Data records

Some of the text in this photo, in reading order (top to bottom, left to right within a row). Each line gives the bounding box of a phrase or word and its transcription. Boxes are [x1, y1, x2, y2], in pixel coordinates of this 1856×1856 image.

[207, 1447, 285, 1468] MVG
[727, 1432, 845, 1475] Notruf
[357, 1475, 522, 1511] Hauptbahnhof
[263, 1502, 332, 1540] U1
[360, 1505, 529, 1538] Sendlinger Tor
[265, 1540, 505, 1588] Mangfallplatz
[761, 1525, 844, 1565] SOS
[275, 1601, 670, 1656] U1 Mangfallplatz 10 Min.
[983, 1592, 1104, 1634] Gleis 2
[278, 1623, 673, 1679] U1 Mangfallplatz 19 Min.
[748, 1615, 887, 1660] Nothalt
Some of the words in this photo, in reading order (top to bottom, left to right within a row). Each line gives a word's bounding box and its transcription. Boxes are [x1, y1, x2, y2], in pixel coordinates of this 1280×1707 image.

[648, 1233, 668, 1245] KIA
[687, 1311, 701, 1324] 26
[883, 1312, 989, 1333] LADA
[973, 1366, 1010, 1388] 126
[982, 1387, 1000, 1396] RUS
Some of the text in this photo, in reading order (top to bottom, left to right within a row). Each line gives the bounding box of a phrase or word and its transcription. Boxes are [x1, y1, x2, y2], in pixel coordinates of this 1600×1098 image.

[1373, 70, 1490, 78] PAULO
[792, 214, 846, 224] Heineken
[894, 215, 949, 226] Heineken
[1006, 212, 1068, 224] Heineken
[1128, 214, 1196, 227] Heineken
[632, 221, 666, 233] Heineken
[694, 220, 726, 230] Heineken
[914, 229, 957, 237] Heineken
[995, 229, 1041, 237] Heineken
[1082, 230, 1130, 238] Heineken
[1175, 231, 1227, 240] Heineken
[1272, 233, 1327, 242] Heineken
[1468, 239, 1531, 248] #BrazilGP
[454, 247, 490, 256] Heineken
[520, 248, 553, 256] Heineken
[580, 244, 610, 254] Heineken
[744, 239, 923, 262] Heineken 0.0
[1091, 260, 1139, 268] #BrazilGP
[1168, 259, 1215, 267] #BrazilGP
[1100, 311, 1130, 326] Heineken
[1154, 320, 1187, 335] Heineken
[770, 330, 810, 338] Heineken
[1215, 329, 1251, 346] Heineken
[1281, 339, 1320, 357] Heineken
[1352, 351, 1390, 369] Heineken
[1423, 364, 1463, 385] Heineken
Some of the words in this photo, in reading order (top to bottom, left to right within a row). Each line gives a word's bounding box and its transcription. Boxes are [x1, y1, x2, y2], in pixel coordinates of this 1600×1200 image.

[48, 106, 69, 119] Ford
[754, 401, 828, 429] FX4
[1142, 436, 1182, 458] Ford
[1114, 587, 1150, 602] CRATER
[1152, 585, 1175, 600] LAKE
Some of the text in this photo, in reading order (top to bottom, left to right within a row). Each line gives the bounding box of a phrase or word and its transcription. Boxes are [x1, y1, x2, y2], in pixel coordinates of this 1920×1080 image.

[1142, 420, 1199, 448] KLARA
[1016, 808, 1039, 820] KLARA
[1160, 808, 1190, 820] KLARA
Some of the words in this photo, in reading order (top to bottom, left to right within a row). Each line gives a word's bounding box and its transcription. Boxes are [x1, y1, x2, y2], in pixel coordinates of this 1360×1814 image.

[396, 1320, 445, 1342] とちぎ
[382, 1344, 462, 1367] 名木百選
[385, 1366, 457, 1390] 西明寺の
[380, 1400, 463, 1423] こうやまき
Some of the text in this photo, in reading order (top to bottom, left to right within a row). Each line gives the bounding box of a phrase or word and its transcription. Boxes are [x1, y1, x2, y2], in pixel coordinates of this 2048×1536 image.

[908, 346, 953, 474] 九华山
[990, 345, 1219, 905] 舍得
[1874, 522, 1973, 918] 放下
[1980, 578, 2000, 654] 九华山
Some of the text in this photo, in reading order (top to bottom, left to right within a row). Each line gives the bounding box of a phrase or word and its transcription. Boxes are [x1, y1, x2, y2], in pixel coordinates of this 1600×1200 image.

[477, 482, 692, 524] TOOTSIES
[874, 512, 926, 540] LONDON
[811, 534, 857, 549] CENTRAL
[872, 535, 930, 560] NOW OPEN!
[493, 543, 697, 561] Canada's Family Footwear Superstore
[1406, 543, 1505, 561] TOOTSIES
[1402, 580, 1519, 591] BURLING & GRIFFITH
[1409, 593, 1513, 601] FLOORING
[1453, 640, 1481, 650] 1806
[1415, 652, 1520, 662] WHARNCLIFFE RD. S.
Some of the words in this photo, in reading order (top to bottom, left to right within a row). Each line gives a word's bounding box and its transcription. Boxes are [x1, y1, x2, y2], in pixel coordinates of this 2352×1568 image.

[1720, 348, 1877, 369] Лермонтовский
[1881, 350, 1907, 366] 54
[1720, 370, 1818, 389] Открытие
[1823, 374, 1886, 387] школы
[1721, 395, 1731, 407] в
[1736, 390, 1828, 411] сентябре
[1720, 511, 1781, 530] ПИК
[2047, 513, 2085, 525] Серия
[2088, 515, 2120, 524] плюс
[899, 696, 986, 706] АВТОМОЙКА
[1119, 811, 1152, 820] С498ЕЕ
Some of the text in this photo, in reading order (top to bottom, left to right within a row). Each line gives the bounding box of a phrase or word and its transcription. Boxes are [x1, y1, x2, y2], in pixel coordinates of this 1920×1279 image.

#### WHAT TO PRODUCE:
Reproduce every entry above. Make each line identical to the original.

#### OUTPUT BELOW:
Some of the text in this photo, in reading order (top to bottom, left to right within a row). Each line gives the bounding box of a phrase or word and its transcription. Boxes are [x1, y1, x2, y2], in pixel coordinates of this 1856×1856 image.

[207, 1447, 285, 1468] MVG
[727, 1432, 845, 1475] Notruf
[357, 1475, 522, 1511] Hauptbahnhof
[263, 1502, 332, 1540] U1
[360, 1505, 529, 1538] Sendlinger Tor
[265, 1540, 505, 1588] Mangfallplatz
[761, 1525, 844, 1565] SOS
[275, 1601, 670, 1656] U1 Mangfallplatz 10 Min.
[983, 1592, 1104, 1634] Gleis 2
[278, 1623, 673, 1679] U1 Mangfallplatz 19 Min.
[748, 1615, 887, 1660] Nothalt
Some of the words in this photo, in reading order (top to bottom, left to right within a row). Each line gives a word's bounding box and its transcription. Boxes are [x1, y1, x2, y2], in pixel coordinates of this 1280×1707 image.

[648, 1233, 668, 1245] KIA
[687, 1311, 701, 1324] 26
[883, 1312, 989, 1333] LADA
[973, 1366, 1010, 1388] 126
[982, 1387, 1000, 1396] RUS
Some of the text in this photo, in reading order (top to bottom, left to right within a row). Each line gives the bounding box of a phrase or word and its transcription. Boxes are [x1, y1, x2, y2], in pixel coordinates of this 1600×1098 image.

[1373, 70, 1490, 78] PAULO
[792, 214, 846, 224] Heineken
[894, 215, 949, 226] Heineken
[1006, 212, 1068, 224] Heineken
[1128, 214, 1196, 227] Heineken
[632, 221, 666, 233] Heineken
[694, 220, 726, 230] Heineken
[914, 229, 957, 237] Heineken
[995, 229, 1041, 237] Heineken
[1082, 230, 1130, 238] Heineken
[1175, 231, 1227, 240] Heineken
[1272, 233, 1327, 242] Heineken
[1468, 239, 1531, 248] #BrazilGP
[454, 247, 490, 256] Heineken
[520, 248, 553, 256] Heineken
[580, 244, 610, 254] Heineken
[744, 239, 923, 262] Heineken 0.0
[1091, 260, 1139, 268] #BrazilGP
[1168, 259, 1215, 267] #BrazilGP
[1100, 311, 1130, 326] Heineken
[1154, 320, 1187, 335] Heineken
[770, 330, 810, 338] Heineken
[1215, 329, 1251, 346] Heineken
[1281, 339, 1320, 357] Heineken
[1352, 351, 1390, 369] Heineken
[1423, 364, 1463, 385] Heineken
Some of the words in this photo, in reading order (top to bottom, left to right within a row). Each line gives a word's bounding box and its transcription. Boxes are [x1, y1, x2, y2], in pixel coordinates of this 1600×1200 image.

[48, 106, 69, 119] Ford
[754, 401, 828, 429] FX4
[1142, 436, 1182, 458] Ford
[1114, 587, 1150, 602] CRATER
[1152, 585, 1175, 600] LAKE
Some of the text in this photo, in reading order (top to bottom, left to right within a row). Each line gives the bounding box of a phrase or word and its transcription. Boxes are [x1, y1, x2, y2], in pixel coordinates of this 1920×1080 image.

[1142, 420, 1199, 448] KLARA
[1016, 808, 1039, 820] KLARA
[1160, 808, 1190, 820] KLARA
Some of the words in this photo, in reading order (top to bottom, left to right within a row). Each line gives a word's bounding box and its transcription. Boxes are [x1, y1, x2, y2], in pixel coordinates of this 1360×1814 image.

[396, 1320, 445, 1342] とちぎ
[382, 1344, 462, 1367] 名木百選
[385, 1366, 457, 1390] 西明寺の
[380, 1400, 463, 1423] こうやまき
Some of the text in this photo, in reading order (top to bottom, left to right within a row). Each line gives the bounding box of a phrase or word and its transcription. Boxes are [x1, y1, x2, y2], in pixel coordinates of this 2048×1536 image.

[908, 346, 953, 474] 九华山
[990, 345, 1219, 905] 舍得
[1874, 522, 1973, 918] 放下
[1980, 578, 2000, 654] 九华山
Some of the text in this photo, in reading order (top to bottom, left to right within a row). Each line gives the bounding box of a phrase or word and its transcription. Boxes are [x1, y1, x2, y2], in pixel coordinates of this 1600×1200 image.

[477, 482, 692, 524] TOOTSIES
[874, 512, 926, 540] LONDON
[811, 534, 857, 549] CENTRAL
[872, 535, 930, 560] NOW OPEN!
[493, 543, 697, 561] Canada's Family Footwear Superstore
[1406, 543, 1505, 561] TOOTSIES
[1402, 580, 1519, 591] BURLING & GRIFFITH
[1409, 593, 1513, 601] FLOORING
[1453, 640, 1481, 650] 1806
[1415, 652, 1520, 662] WHARNCLIFFE RD. S.
Some of the words in this photo, in reading order (top to bottom, left to right within a row). Each line gives a word's bounding box and its transcription. Boxes are [x1, y1, x2, y2], in pixel coordinates of this 2352×1568 image.

[1720, 348, 1877, 369] Лермонтовский
[1881, 350, 1907, 366] 54
[1720, 370, 1818, 389] Открытие
[1823, 374, 1886, 387] школы
[1721, 395, 1731, 407] в
[1736, 390, 1828, 411] сентябре
[1720, 511, 1781, 530] ПИК
[2047, 513, 2085, 525] Серия
[2088, 515, 2120, 524] плюс
[899, 696, 986, 706] АВТОМОЙКА
[1119, 811, 1152, 820] С498ЕЕ
Some of the text in this photo, in reading order (top to bottom, left to right within a row). Each line gives the bounding box of a phrase or word and its transcription. Boxes are [x1, y1, x2, y2], in pixel coordinates of this 1920×1279 image.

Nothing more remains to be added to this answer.